AT 2017: Day 40, Trail Days in Damascus, Va.

Hey, hey, come right away, come and join the party every day

Trail Days parade

Today was a time to relax, rejuvenate, reconnect and resupply.

In other words, it was time to revive a worn-out hiker.

The location for this recovery to take place was Trail Days.

DateSaturday, May 20, 2017
WeatherWarm and humid, and a large thunderstorm with heavy rain in the afternoon
Today's Miles0.0
Trip Miles532.6

This was my first zero day (zero hiking miles) since I left Davenport Gap nearly three weeks ago. It was also the first chance since then to spend time with my wife Kim.

The day started with a trip to Walmart. We didn't do a complete resupply at this time, but bought a few things we would need during the day.

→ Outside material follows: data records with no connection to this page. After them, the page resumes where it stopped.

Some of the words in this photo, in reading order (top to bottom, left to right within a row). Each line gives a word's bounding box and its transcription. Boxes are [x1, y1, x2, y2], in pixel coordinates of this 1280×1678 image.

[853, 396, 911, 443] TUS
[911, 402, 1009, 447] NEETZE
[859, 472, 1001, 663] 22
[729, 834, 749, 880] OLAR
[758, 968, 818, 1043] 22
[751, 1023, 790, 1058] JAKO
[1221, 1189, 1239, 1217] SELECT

Then we went on to Damascus. If I were hiking there, it would have taken me nearly all day. Driving, it took 20 minutes.

Shortly after we arrived, we ran into Miss Bobbie. She said Yard Dart was nearby, but we didn't see him.

We also said hello to Tentpole. I hadn't seen him in a couple weeks, and had been wondering if he was still on the trail.

Trail Days

Much of the activity at Trail Days takes place in the city park, where I had walked through last Tuesday. We wandered the festival area where booths were set up by gear manufacturers and hiking organizations.

We had nice chats with some of the vendors, including the marketing manager of Farm to Feet socks.

When we stopped by the ZPacks booth I decided to purchase a lumbar pad, with hopes that it would improve the way my pack rode on my shoulders. Whenever I have stretched the time between resupplies by carrying more than three days worth of food, the pack has become less comfortable.

We also ran into more people I knew, including a guy I worked with before I left for the trail.

And I made good on a promise. We had a nice visit in the ALDHA tent with Pothole, Tweety and Trapper Lee.

As it was getting closer to lunch time, we decided to make our way to Mojos Trailside Cafe, which was on the opposite end of town, but at the start of the parade.

Foot washing

Before we got there, we discovered a large, white tent in the parking lot of a Baptist church. Volunteers were offering to wash the feet of hikers. This act has religious symbolism, but was also very soothing for tired feet.

Signing Class of 2017 banner

After lunch we hung out in the parking lot of the restaurant, because that was the staging area for the parade. A large banner was provided for Class of 2017 hikers to sign.

Class of 2017 banner

I thought it was interesting to see many names I didn't recognize, as well as many names of hikers I recognized but had not seen in a long time.

But such is the trail. There are many more people hiking it than I will ever meet because we started at different times, are going in different directions, and are hiking at different paces.

Many of the hikers here today were far ahead of me on the trail and came back for Trail Days, or have not yet reached here hiking, but jumped ahead to be here for the event.

Preparing to start the parade

The Class of 2017 was the last entry in the parade, so it took a while for us to begin walking. Still, no one seemed to mind. It was a festive time.

Everyone was enjoying the moment. Some hikers were wearing odd clothes purchased at a local thrift shop.

As we milled around and waited, the sky began to get cloudier. A couple rumbles of thunder were heard off in the distance.

Once we started walking I saw a few more friends I had not seen in several weeks, including Mountain Squid, who was volunteering at Springer Mountain the day I started, and Quiet Man, whom I last saw at Fontana Dam.

Trail Days parade

One of the traditions of Trail Days happens during the parade, when the locals shoot water from squirt guns and hoses at the hikers, giving them a shower they need.

Unfortunately, we were all about to get a shower we didn't need. The sky quickly became dark and rain began to fall, first lightly, then heavier and heavier.

It rained so hard that by the time we reached the other end of the parade route, the street was filling with water.

Kim and I were able to find each other without much delay and we quickly headed to our truck. We didn't leave town right away, though. We first made a stop at Damascus Brewery, where we met a few more hikers.

Returning to Abingdon, we went back to Walmart so I could resupply for the next part of my hike. While we were in the store, a young couple looked at the items in my shopping cart and said to me, "Are you a thru-hiker?"

They were also thru-hikers, Real Estate and Mumbles McGee, who were recently married. We had a good laugh about how you can tell a thru-hiker by what he or she has in a shopping cart.

See that girl, barefootin' along,
Whistlin' and singin', she's a carryin' on.
There's laughing in her eyes, dancing in her feet,
She's a neon-light diamond and she can live on the street.

Hey hey, hey, come right away
Come and join the party every day.

Well everybody's dancin' in a ring around the sun
Nobody's finished, we ain't even begun.
So take off your shoes, child, and take off your hat.
Try on your wings and find out where it's at.

Hey hey, hey, come right away
Come and join the party every day.


"Nothing to tell now. Let the words be yours, I'm done with mine."ref.